Give the data below again exactly as written, without its pictures.

··· Supplied records ···

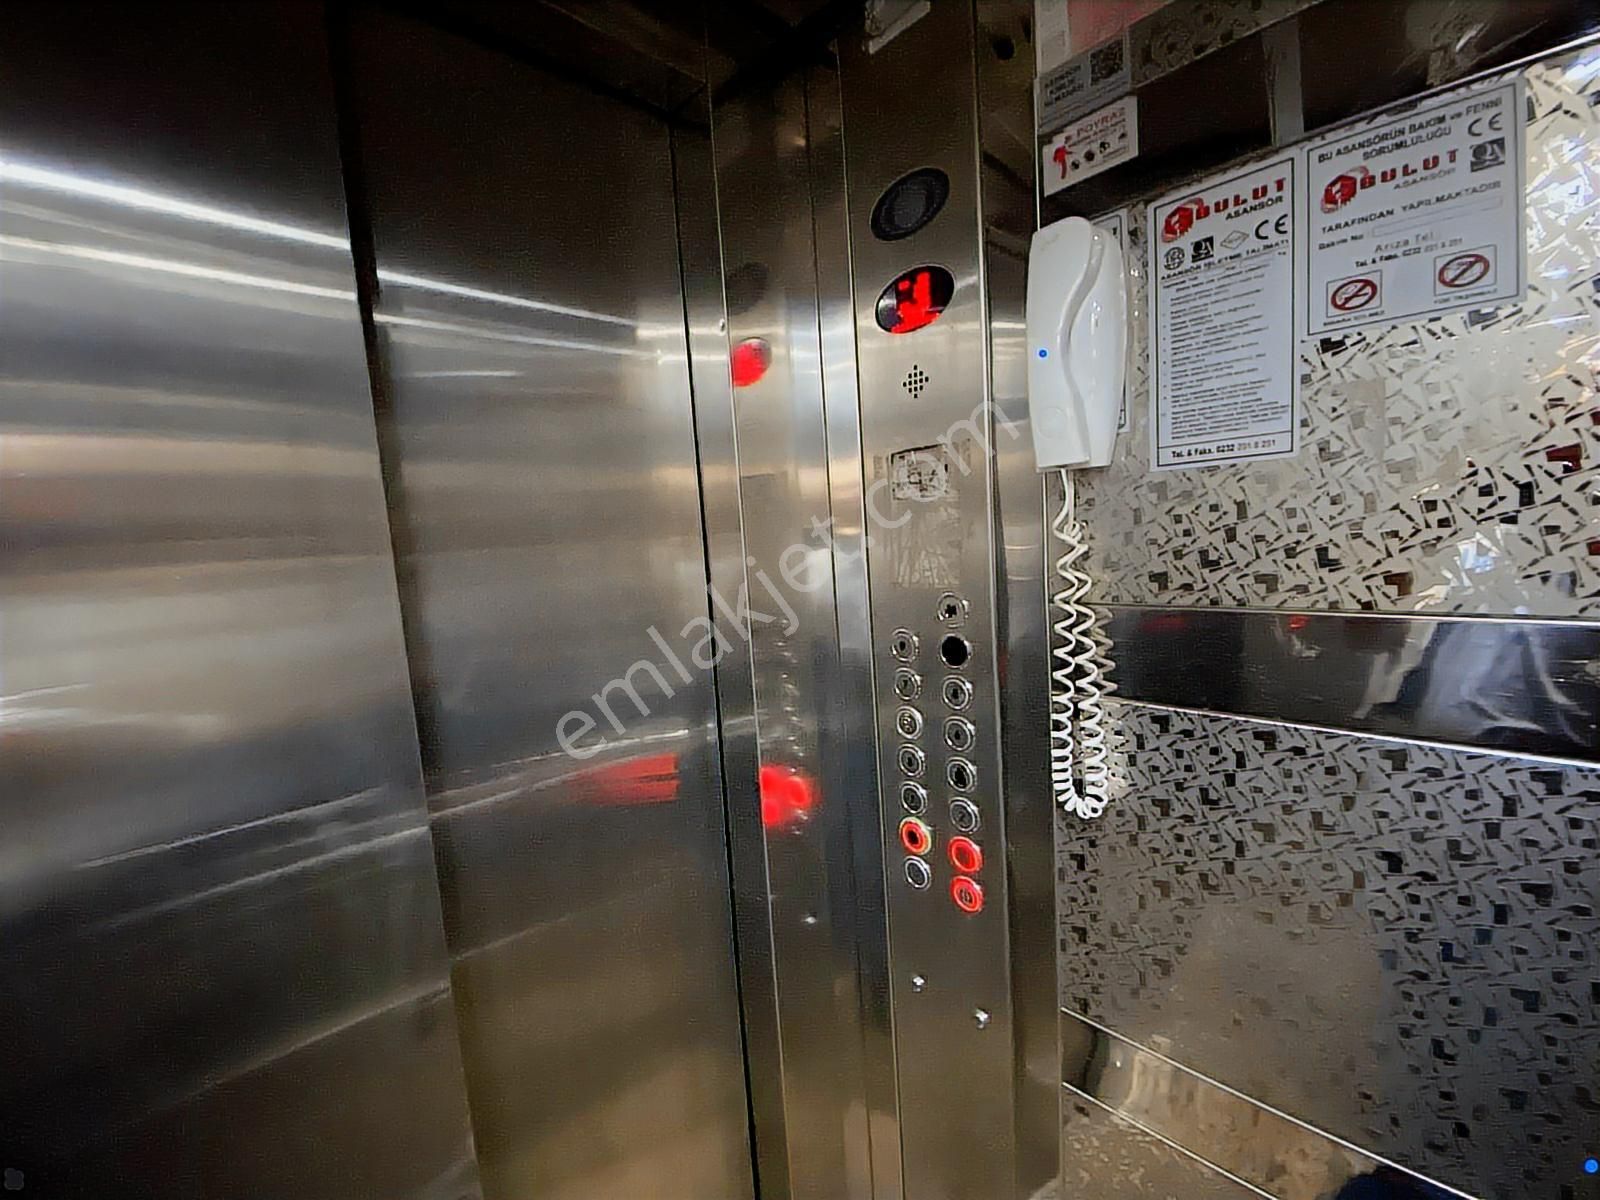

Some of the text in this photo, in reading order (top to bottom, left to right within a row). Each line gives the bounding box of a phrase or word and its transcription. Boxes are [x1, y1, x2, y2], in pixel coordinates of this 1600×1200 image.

[1409, 113, 1446, 134] BAKIM
[1360, 149, 1459, 190] BULUT
[1195, 177, 1287, 221] BULUT
[1321, 208, 1395, 235] TARAFINDAN
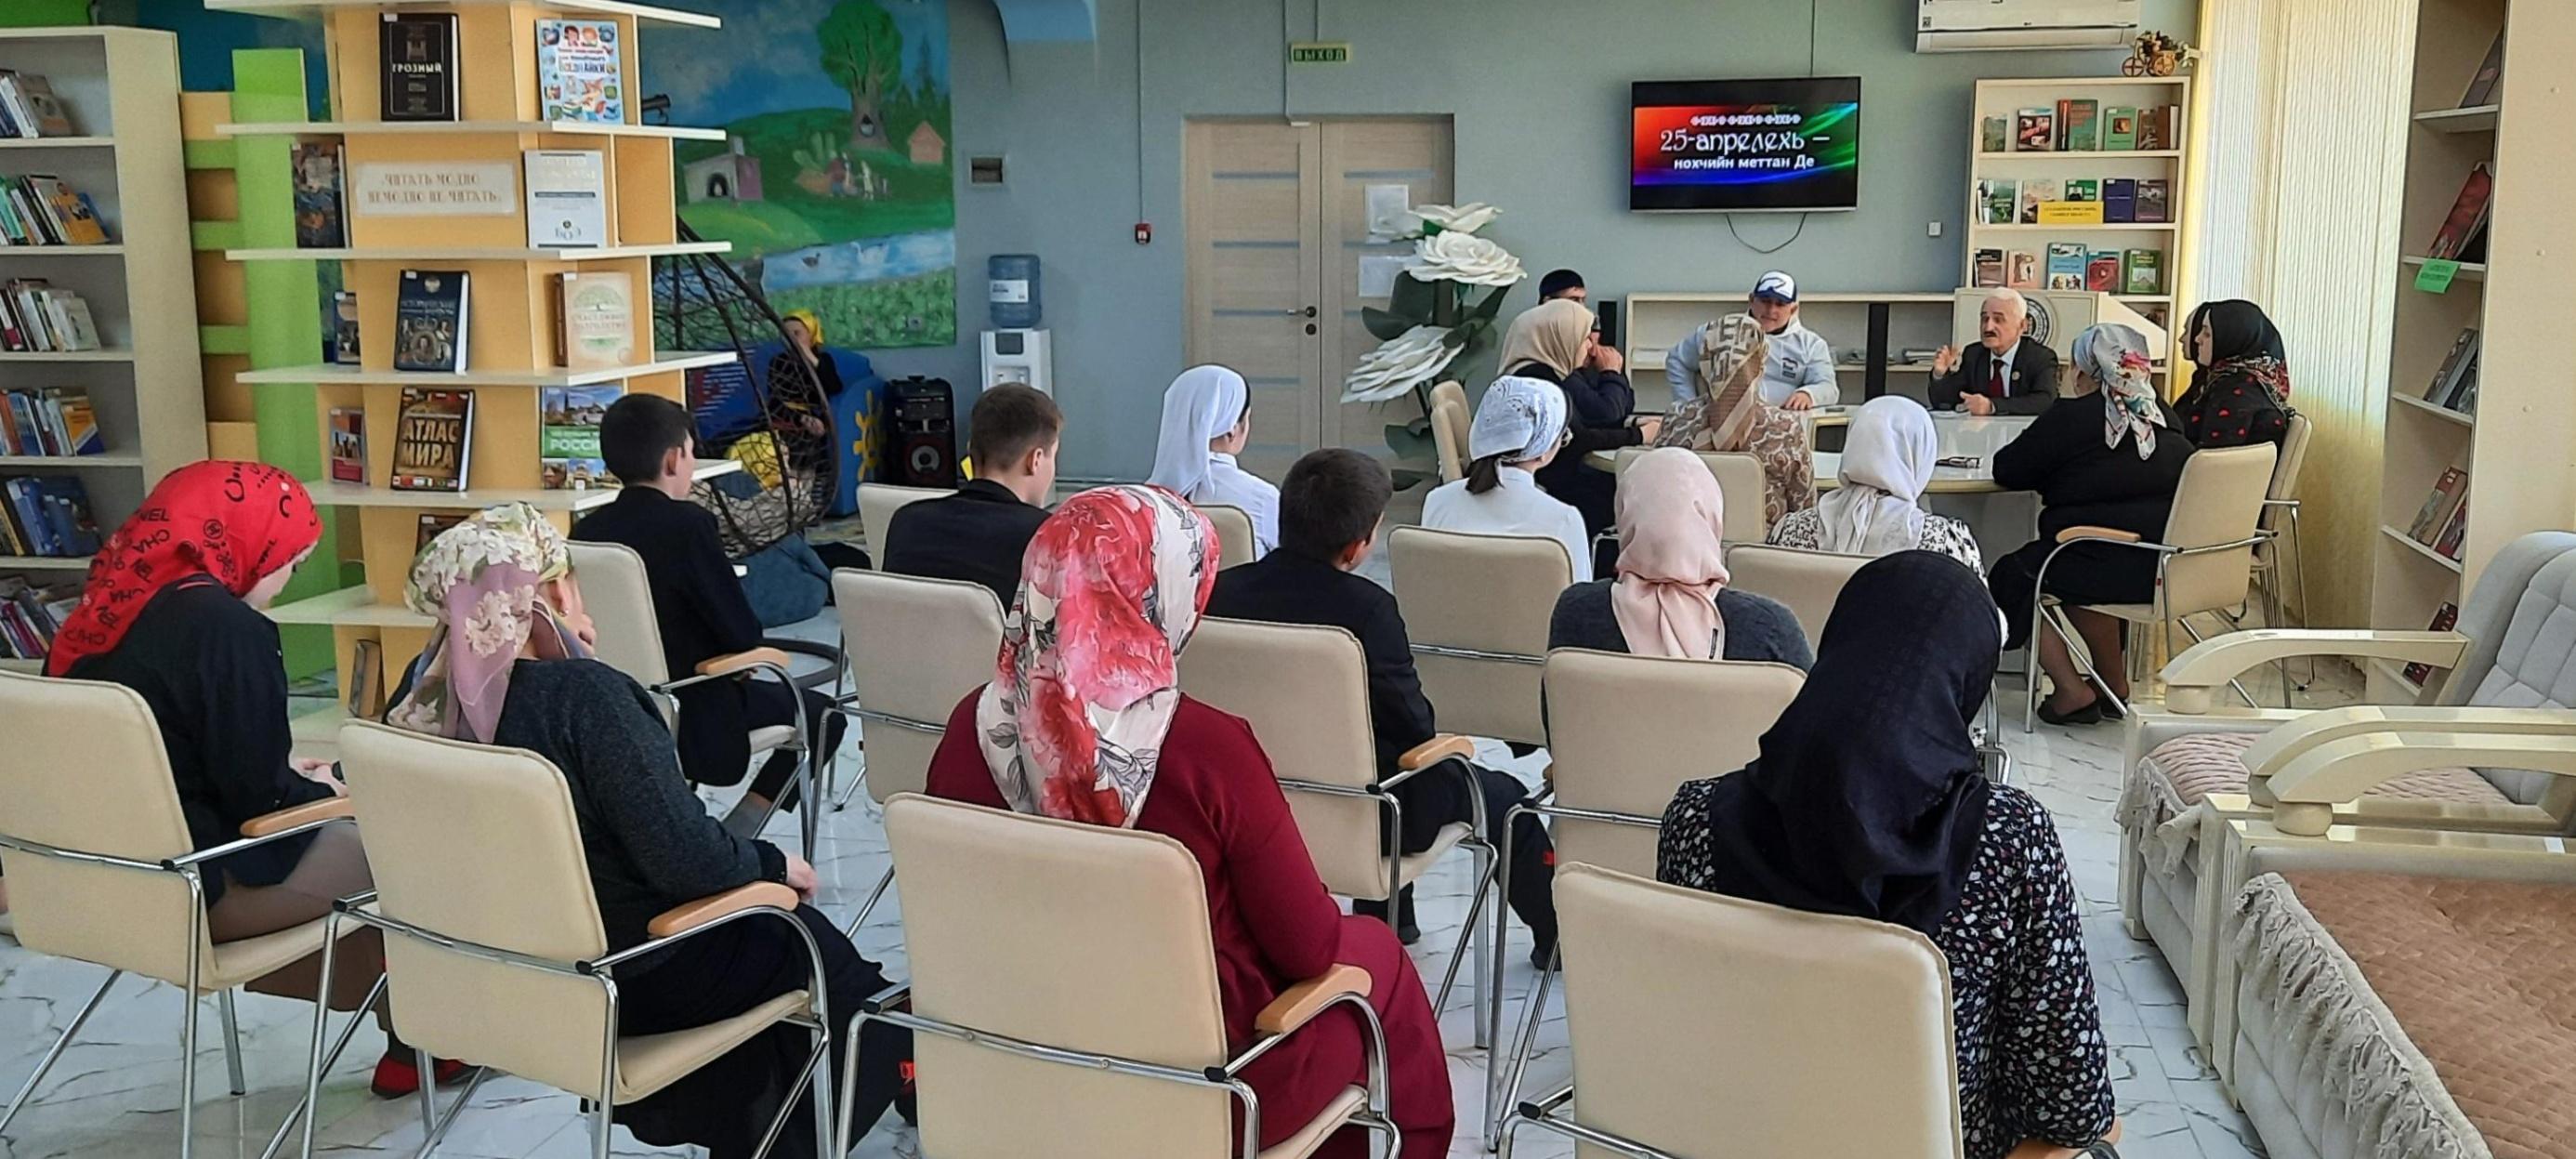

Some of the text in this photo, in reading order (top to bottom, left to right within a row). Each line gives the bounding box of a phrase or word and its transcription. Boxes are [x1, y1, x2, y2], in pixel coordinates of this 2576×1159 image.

···

> _Output_:
Some of the text in this photo, in reading order (top to bottom, left to right within a row). Each line gives the bounding box of a phrase or word and its transcription. Boxes are [x1, y1, x2, y2], in pixel coordinates of this 1600×1200 image.

[1409, 113, 1446, 134] BAKIM
[1360, 149, 1459, 190] BULUT
[1195, 177, 1287, 221] BULUT
[1321, 208, 1395, 235] TARAFINDAN

Some of the text in this photo, in reading order (top to bottom, left to right within a row). Each line gives the bounding box of a phrase or word and its transcription. Boxes are [x1, y1, x2, y2], in pixel coordinates of this 2576×1159 image.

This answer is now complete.